[[ WORKING DATA, beginning ]]

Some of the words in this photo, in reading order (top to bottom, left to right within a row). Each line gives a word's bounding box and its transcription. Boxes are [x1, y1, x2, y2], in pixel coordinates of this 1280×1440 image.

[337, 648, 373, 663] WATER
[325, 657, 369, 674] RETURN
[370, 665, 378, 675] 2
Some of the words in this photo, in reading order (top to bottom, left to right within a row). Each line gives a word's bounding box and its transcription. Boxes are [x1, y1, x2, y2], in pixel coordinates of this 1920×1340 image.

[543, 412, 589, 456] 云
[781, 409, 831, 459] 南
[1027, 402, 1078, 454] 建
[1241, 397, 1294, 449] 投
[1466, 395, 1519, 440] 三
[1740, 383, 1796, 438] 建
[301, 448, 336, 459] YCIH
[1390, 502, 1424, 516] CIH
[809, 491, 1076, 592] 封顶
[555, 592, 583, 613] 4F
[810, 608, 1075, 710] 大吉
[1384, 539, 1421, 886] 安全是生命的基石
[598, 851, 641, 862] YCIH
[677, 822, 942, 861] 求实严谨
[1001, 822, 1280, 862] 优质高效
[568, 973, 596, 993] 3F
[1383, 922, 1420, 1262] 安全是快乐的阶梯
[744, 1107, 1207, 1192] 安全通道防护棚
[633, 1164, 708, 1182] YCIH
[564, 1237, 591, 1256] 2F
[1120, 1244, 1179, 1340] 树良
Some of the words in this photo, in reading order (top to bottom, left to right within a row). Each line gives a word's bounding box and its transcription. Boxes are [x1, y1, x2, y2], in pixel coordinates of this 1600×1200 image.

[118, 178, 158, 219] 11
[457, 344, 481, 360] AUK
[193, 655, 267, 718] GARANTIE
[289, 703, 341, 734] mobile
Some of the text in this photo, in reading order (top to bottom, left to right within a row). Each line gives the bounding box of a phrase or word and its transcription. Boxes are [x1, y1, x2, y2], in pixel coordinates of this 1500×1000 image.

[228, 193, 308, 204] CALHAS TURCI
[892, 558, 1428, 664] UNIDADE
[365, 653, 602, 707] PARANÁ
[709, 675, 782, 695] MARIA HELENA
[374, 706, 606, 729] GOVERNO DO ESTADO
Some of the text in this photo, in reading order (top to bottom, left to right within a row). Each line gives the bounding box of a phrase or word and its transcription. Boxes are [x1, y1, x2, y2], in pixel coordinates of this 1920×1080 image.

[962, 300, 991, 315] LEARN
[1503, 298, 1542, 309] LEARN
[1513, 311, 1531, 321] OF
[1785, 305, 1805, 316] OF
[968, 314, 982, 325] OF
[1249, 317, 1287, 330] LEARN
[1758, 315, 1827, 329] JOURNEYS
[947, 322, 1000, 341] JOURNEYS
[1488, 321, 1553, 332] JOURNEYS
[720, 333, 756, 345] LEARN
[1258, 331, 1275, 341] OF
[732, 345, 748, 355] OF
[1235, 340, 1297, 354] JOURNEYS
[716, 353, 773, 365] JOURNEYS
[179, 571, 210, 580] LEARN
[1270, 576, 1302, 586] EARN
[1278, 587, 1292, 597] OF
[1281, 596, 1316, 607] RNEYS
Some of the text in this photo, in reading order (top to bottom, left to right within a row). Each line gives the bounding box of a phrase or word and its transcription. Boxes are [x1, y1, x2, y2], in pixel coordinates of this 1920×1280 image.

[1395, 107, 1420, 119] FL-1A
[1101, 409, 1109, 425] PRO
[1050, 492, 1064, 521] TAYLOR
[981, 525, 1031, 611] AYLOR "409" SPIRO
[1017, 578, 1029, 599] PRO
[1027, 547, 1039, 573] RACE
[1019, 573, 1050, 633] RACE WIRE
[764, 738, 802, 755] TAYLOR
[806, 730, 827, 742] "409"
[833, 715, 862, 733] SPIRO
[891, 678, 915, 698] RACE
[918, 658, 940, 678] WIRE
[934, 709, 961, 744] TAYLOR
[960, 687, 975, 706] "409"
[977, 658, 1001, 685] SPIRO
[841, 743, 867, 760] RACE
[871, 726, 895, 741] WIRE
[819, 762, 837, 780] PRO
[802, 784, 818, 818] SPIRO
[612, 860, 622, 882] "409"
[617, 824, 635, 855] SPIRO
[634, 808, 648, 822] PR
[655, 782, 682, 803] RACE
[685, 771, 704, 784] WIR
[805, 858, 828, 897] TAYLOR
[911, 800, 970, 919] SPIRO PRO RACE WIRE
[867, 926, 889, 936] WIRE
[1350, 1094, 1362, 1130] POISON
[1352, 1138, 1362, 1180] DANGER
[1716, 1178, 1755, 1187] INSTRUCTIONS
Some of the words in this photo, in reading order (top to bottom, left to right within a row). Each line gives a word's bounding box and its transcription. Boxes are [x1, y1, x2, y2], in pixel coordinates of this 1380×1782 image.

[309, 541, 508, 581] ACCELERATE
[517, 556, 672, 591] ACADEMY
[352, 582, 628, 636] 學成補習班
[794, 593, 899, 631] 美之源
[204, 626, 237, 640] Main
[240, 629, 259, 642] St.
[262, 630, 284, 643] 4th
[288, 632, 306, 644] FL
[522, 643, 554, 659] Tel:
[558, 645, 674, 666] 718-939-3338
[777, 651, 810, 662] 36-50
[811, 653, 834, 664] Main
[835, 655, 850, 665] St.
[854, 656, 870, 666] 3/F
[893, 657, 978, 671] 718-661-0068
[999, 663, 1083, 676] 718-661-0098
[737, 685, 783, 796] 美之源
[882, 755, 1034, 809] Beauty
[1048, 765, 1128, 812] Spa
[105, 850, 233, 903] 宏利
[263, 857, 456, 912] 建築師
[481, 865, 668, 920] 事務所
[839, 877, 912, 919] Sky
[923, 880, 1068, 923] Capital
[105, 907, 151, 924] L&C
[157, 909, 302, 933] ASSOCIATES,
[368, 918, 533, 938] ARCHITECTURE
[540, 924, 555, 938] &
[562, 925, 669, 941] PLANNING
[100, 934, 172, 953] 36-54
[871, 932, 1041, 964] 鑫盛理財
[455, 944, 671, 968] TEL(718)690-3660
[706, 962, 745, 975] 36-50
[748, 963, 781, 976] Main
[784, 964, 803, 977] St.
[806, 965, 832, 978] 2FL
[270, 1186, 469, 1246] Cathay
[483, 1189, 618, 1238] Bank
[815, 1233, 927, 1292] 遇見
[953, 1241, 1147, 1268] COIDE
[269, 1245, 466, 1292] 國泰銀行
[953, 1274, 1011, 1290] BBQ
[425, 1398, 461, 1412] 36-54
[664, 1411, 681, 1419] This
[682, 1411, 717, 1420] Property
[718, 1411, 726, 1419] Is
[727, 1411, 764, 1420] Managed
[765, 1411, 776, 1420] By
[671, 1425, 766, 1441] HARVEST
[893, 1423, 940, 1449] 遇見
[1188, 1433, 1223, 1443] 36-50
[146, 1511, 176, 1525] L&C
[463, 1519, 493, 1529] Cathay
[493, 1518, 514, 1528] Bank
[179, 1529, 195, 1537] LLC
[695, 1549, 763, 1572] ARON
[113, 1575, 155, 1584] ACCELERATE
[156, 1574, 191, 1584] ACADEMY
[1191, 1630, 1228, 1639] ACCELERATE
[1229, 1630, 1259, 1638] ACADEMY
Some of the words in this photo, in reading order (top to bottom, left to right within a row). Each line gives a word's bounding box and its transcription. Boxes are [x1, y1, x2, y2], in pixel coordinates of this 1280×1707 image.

[[ WORKING DATA, end ]]

* **EXERCISE GOAL**:
Would you output every record above exactly as it stands?

* **OUTPUT FOR THIS EXERCISE**:
Some of the words in this photo, in reading order (top to bottom, left to right within a row). Each line gives a word's bounding box and its transcription. Boxes are [x1, y1, x2, y2], in pixel coordinates of this 1280×1440 image.

[337, 648, 373, 663] WATER
[325, 657, 369, 674] RETURN
[370, 665, 378, 675] 2
Some of the words in this photo, in reading order (top to bottom, left to right within a row). Each line gives a word's bounding box and its transcription. Boxes are [x1, y1, x2, y2], in pixel coordinates of this 1920×1340 image.

[543, 412, 589, 456] 云
[781, 409, 831, 459] 南
[1027, 402, 1078, 454] 建
[1241, 397, 1294, 449] 投
[1466, 395, 1519, 440] 三
[1740, 383, 1796, 438] 建
[301, 448, 336, 459] YCIH
[1390, 502, 1424, 516] CIH
[809, 491, 1076, 592] 封顶
[555, 592, 583, 613] 4F
[810, 608, 1075, 710] 大吉
[1384, 539, 1421, 886] 安全是生命的基石
[598, 851, 641, 862] YCIH
[677, 822, 942, 861] 求实严谨
[1001, 822, 1280, 862] 优质高效
[568, 973, 596, 993] 3F
[1383, 922, 1420, 1262] 安全是快乐的阶梯
[744, 1107, 1207, 1192] 安全通道防护棚
[633, 1164, 708, 1182] YCIH
[564, 1237, 591, 1256] 2F
[1120, 1244, 1179, 1340] 树良
Some of the words in this photo, in reading order (top to bottom, left to right within a row). Each line gives a word's bounding box and its transcription. Boxes are [x1, y1, x2, y2], in pixel coordinates of this 1600×1200 image.

[118, 178, 158, 219] 11
[457, 344, 481, 360] AUK
[193, 655, 267, 718] GARANTIE
[289, 703, 341, 734] mobile
Some of the text in this photo, in reading order (top to bottom, left to right within a row). Each line gives the bounding box of a phrase or word and its transcription. Boxes are [x1, y1, x2, y2], in pixel coordinates of this 1500×1000 image.

[228, 193, 308, 204] CALHAS TURCI
[892, 558, 1428, 664] UNIDADE
[365, 653, 602, 707] PARANÁ
[709, 675, 782, 695] MARIA HELENA
[374, 706, 606, 729] GOVERNO DO ESTADO
Some of the text in this photo, in reading order (top to bottom, left to right within a row). Each line gives the bounding box of a phrase or word and its transcription. Boxes are [x1, y1, x2, y2], in pixel coordinates of this 1920×1080 image.

[962, 300, 991, 315] LEARN
[1503, 298, 1542, 309] LEARN
[1513, 311, 1531, 321] OF
[1785, 305, 1805, 316] OF
[968, 314, 982, 325] OF
[1249, 317, 1287, 330] LEARN
[1758, 315, 1827, 329] JOURNEYS
[947, 322, 1000, 341] JOURNEYS
[1488, 321, 1553, 332] JOURNEYS
[720, 333, 756, 345] LEARN
[1258, 331, 1275, 341] OF
[732, 345, 748, 355] OF
[1235, 340, 1297, 354] JOURNEYS
[716, 353, 773, 365] JOURNEYS
[179, 571, 210, 580] LEARN
[1270, 576, 1302, 586] EARN
[1278, 587, 1292, 597] OF
[1281, 596, 1316, 607] RNEYS
Some of the text in this photo, in reading order (top to bottom, left to right within a row). Each line gives the bounding box of a phrase or word and its transcription. Boxes are [x1, y1, x2, y2], in pixel coordinates of this 1920×1280 image.

[1395, 107, 1420, 119] FL-1A
[1101, 409, 1109, 425] PRO
[1050, 492, 1064, 521] TAYLOR
[981, 525, 1031, 611] AYLOR "409" SPIRO
[1017, 578, 1029, 599] PRO
[1027, 547, 1039, 573] RACE
[1019, 573, 1050, 633] RACE WIRE
[764, 738, 802, 755] TAYLOR
[806, 730, 827, 742] "409"
[833, 715, 862, 733] SPIRO
[891, 678, 915, 698] RACE
[918, 658, 940, 678] WIRE
[934, 709, 961, 744] TAYLOR
[960, 687, 975, 706] "409"
[977, 658, 1001, 685] SPIRO
[841, 743, 867, 760] RACE
[871, 726, 895, 741] WIRE
[819, 762, 837, 780] PRO
[802, 784, 818, 818] SPIRO
[612, 860, 622, 882] "409"
[617, 824, 635, 855] SPIRO
[634, 808, 648, 822] PR
[655, 782, 682, 803] RACE
[685, 771, 704, 784] WIR
[805, 858, 828, 897] TAYLOR
[911, 800, 970, 919] SPIRO PRO RACE WIRE
[867, 926, 889, 936] WIRE
[1350, 1094, 1362, 1130] POISON
[1352, 1138, 1362, 1180] DANGER
[1716, 1178, 1755, 1187] INSTRUCTIONS
Some of the words in this photo, in reading order (top to bottom, left to right within a row). Each line gives a word's bounding box and its transcription. Boxes are [x1, y1, x2, y2], in pixel coordinates of this 1380×1782 image.

[309, 541, 508, 581] ACCELERATE
[517, 556, 672, 591] ACADEMY
[352, 582, 628, 636] 學成補習班
[794, 593, 899, 631] 美之源
[204, 626, 237, 640] Main
[240, 629, 259, 642] St.
[262, 630, 284, 643] 4th
[288, 632, 306, 644] FL
[522, 643, 554, 659] Tel:
[558, 645, 674, 666] 718-939-3338
[777, 651, 810, 662] 36-50
[811, 653, 834, 664] Main
[835, 655, 850, 665] St.
[854, 656, 870, 666] 3/F
[893, 657, 978, 671] 718-661-0068
[999, 663, 1083, 676] 718-661-0098
[737, 685, 783, 796] 美之源
[882, 755, 1034, 809] Beauty
[1048, 765, 1128, 812] Spa
[105, 850, 233, 903] 宏利
[263, 857, 456, 912] 建築師
[481, 865, 668, 920] 事務所
[839, 877, 912, 919] Sky
[923, 880, 1068, 923] Capital
[105, 907, 151, 924] L&C
[157, 909, 302, 933] ASSOCIATES,
[368, 918, 533, 938] ARCHITECTURE
[540, 924, 555, 938] &
[562, 925, 669, 941] PLANNING
[100, 934, 172, 953] 36-54
[871, 932, 1041, 964] 鑫盛理財
[455, 944, 671, 968] TEL(718)690-3660
[706, 962, 745, 975] 36-50
[748, 963, 781, 976] Main
[784, 964, 803, 977] St.
[806, 965, 832, 978] 2FL
[270, 1186, 469, 1246] Cathay
[483, 1189, 618, 1238] Bank
[815, 1233, 927, 1292] 遇見
[953, 1241, 1147, 1268] COIDE
[269, 1245, 466, 1292] 國泰銀行
[953, 1274, 1011, 1290] BBQ
[425, 1398, 461, 1412] 36-54
[664, 1411, 681, 1419] This
[682, 1411, 717, 1420] Property
[718, 1411, 726, 1419] Is
[727, 1411, 764, 1420] Managed
[765, 1411, 776, 1420] By
[671, 1425, 766, 1441] HARVEST
[893, 1423, 940, 1449] 遇見
[1188, 1433, 1223, 1443] 36-50
[146, 1511, 176, 1525] L&C
[463, 1519, 493, 1529] Cathay
[493, 1518, 514, 1528] Bank
[179, 1529, 195, 1537] LLC
[695, 1549, 763, 1572] ARON
[113, 1575, 155, 1584] ACCELERATE
[156, 1574, 191, 1584] ACADEMY
[1191, 1630, 1228, 1639] ACCELERATE
[1229, 1630, 1259, 1638] ACADEMY
Some of the words in this photo, in reading order (top to bottom, left to right within a row). Each line gives a word's bounding box and its transcription. Boxes are [x1, y1, x2, y2], in pixel coordinates of this 1280×1707 image.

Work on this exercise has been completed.